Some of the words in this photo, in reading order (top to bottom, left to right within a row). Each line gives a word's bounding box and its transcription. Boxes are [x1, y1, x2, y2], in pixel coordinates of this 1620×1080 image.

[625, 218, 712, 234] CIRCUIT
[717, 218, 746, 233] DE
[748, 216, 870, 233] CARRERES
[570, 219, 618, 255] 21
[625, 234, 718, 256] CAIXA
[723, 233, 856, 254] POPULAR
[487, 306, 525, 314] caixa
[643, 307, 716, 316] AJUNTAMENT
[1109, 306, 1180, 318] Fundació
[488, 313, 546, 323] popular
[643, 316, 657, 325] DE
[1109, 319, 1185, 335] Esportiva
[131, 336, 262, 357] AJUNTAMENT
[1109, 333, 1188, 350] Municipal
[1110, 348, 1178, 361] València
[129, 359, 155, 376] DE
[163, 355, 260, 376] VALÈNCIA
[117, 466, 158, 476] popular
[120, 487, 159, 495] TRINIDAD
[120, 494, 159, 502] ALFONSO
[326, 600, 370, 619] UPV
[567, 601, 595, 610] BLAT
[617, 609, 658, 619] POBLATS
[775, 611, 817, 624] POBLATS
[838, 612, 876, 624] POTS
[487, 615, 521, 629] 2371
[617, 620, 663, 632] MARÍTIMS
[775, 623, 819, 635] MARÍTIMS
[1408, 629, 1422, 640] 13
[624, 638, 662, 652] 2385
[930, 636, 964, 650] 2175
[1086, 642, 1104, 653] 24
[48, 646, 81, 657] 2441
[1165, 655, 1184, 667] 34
####################
** Instructions to follow **
The expected result is every record above, duplicated exactly.

** Completed task **
Some of the words in this photo, in reading order (top to bottom, left to right within a row). Each line gives a word's bounding box and its transcription. Boxes are [x1, y1, x2, y2], in pixel coordinates of this 1620×1080 image.

[625, 218, 712, 234] CIRCUIT
[717, 218, 746, 233] DE
[748, 216, 870, 233] CARRERES
[570, 219, 618, 255] 21
[625, 234, 718, 256] CAIXA
[723, 233, 856, 254] POPULAR
[487, 306, 525, 314] caixa
[643, 307, 716, 316] AJUNTAMENT
[1109, 306, 1180, 318] Fundació
[488, 313, 546, 323] popular
[643, 316, 657, 325] DE
[1109, 319, 1185, 335] Esportiva
[131, 336, 262, 357] AJUNTAMENT
[1109, 333, 1188, 350] Municipal
[1110, 348, 1178, 361] València
[129, 359, 155, 376] DE
[163, 355, 260, 376] VALÈNCIA
[117, 466, 158, 476] popular
[120, 487, 159, 495] TRINIDAD
[120, 494, 159, 502] ALFONSO
[326, 600, 370, 619] UPV
[567, 601, 595, 610] BLAT
[617, 609, 658, 619] POBLATS
[775, 611, 817, 624] POBLATS
[838, 612, 876, 624] POTS
[487, 615, 521, 629] 2371
[617, 620, 663, 632] MARÍTIMS
[775, 623, 819, 635] MARÍTIMS
[1408, 629, 1422, 640] 13
[624, 638, 662, 652] 2385
[930, 636, 964, 650] 2175
[1086, 642, 1104, 653] 24
[48, 646, 81, 657] 2441
[1165, 655, 1184, 667] 34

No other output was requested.